Relatório feito por um painel independente afirma que os regulamentos e recomendações de segurança foram ignorados até mesmo pelo secretário-geral, Kofi Annan.
Segundo o relatório, a ONU rejeitou proteção porque não estava confortável com a presença de tanques americanos e outras medidas militares.
Vinte e duas pessoas morreram no ataque, realizado no dia 19 de agosto passado, inclusive o representante das Nações Unidas no país, o brasileiro Sérgio Vieira de Mello.
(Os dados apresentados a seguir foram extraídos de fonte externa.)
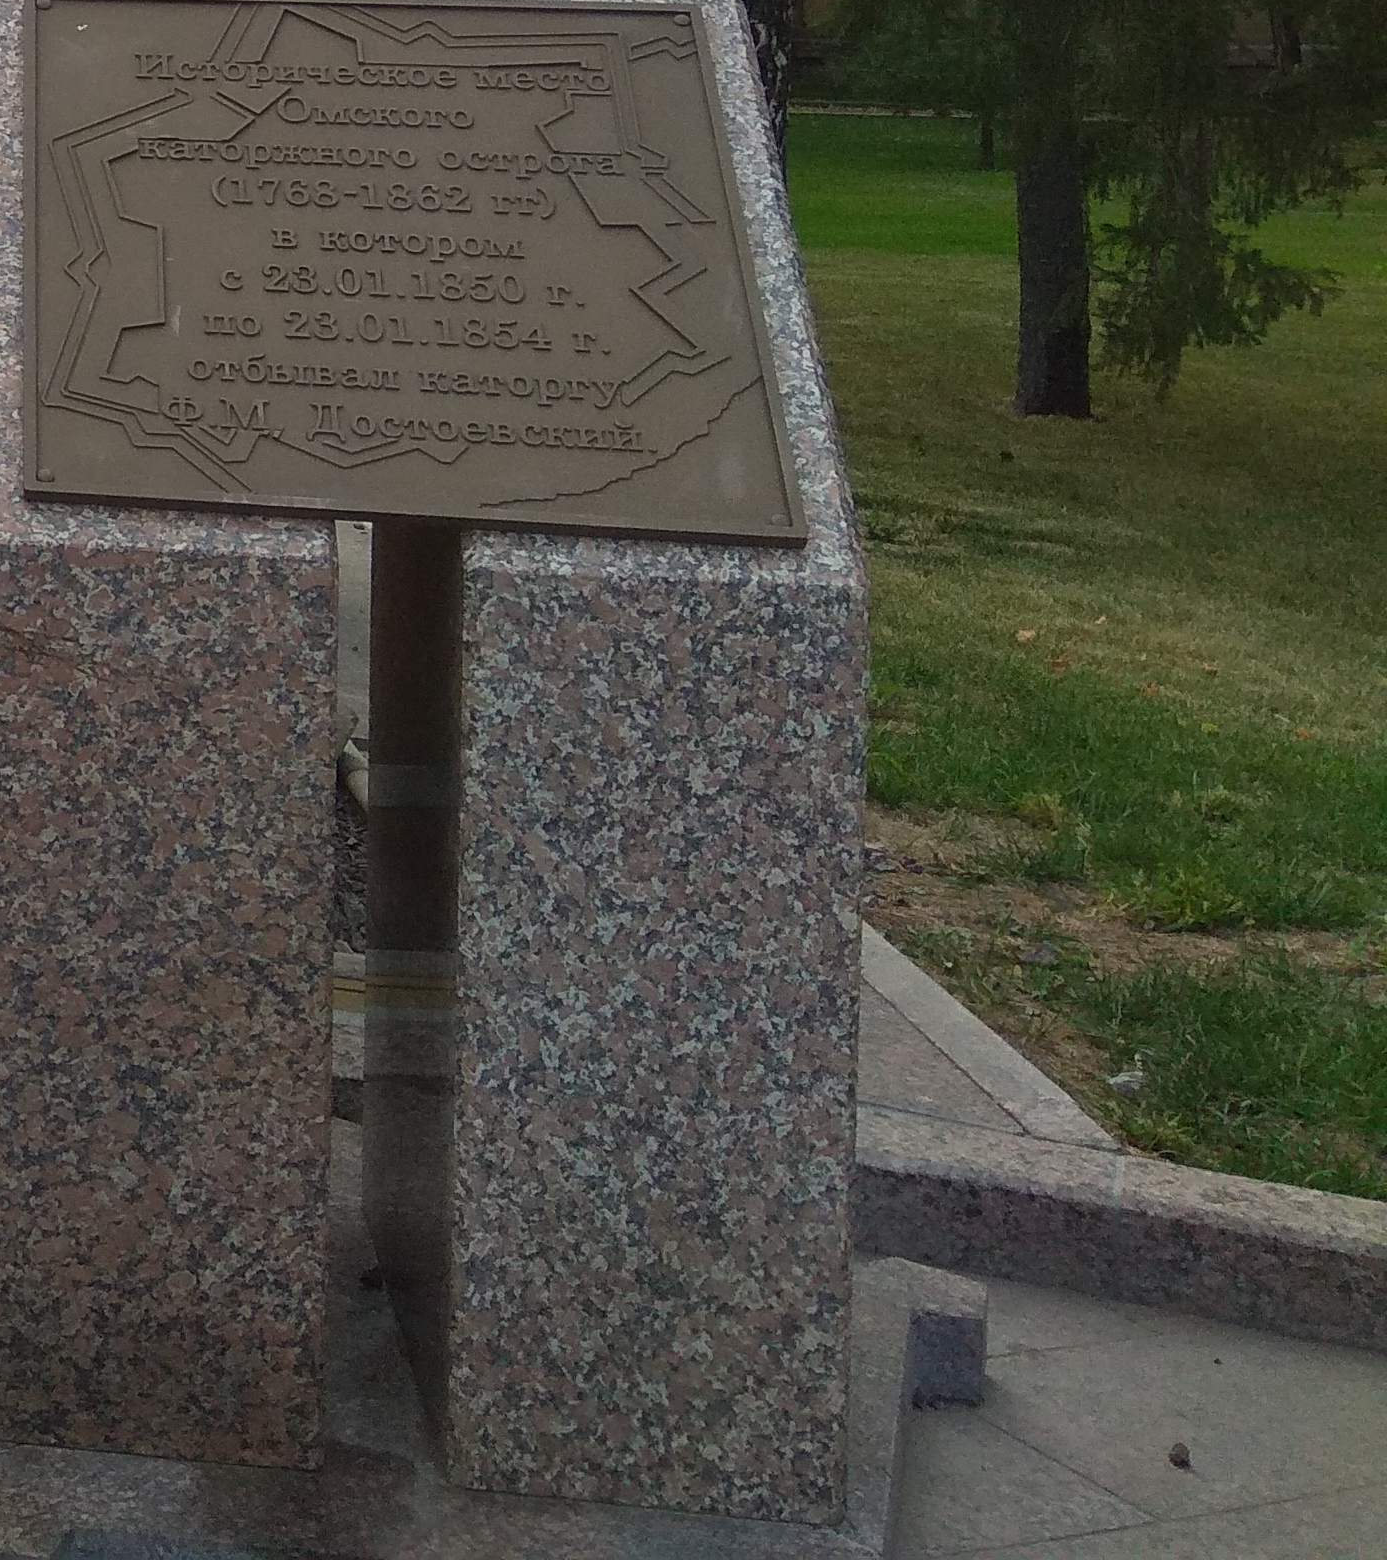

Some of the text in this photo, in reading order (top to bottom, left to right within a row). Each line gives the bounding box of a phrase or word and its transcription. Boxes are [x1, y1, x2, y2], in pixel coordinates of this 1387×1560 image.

Mais de cem pessoas ficaram feridas no incidente.
Exército
O inquérito afirmou que a ONU em Bagdá pediu que o Exército americano retirasse seu equipamento pesado que cercava a área do Hotel Canal porque desejava se distanciar da ocupação do país.
O documento, de 40 páginas, afirma que medidas adequadas de segurança "poderiam não ter impedido o ataque contra o perímetro do Hotel Canal, mas certamente teriam minimizado a vulnerabilidade do pessoal e das instalações e reduzido o número de mortos e feridos no ataque".
Mesmo depois do atentado, recomendações do pessoal de segurança foram ignoradas.
Annan ordenou que a maior parte do pessoal da organização no Iraque fosse retirada só depois de um segundo atentado a bomba ao escritório da ONU, em setembro, que matou um guarda de segurança iraquiano.
Menos de 50 funcionários da ONU permanecem no Iraque.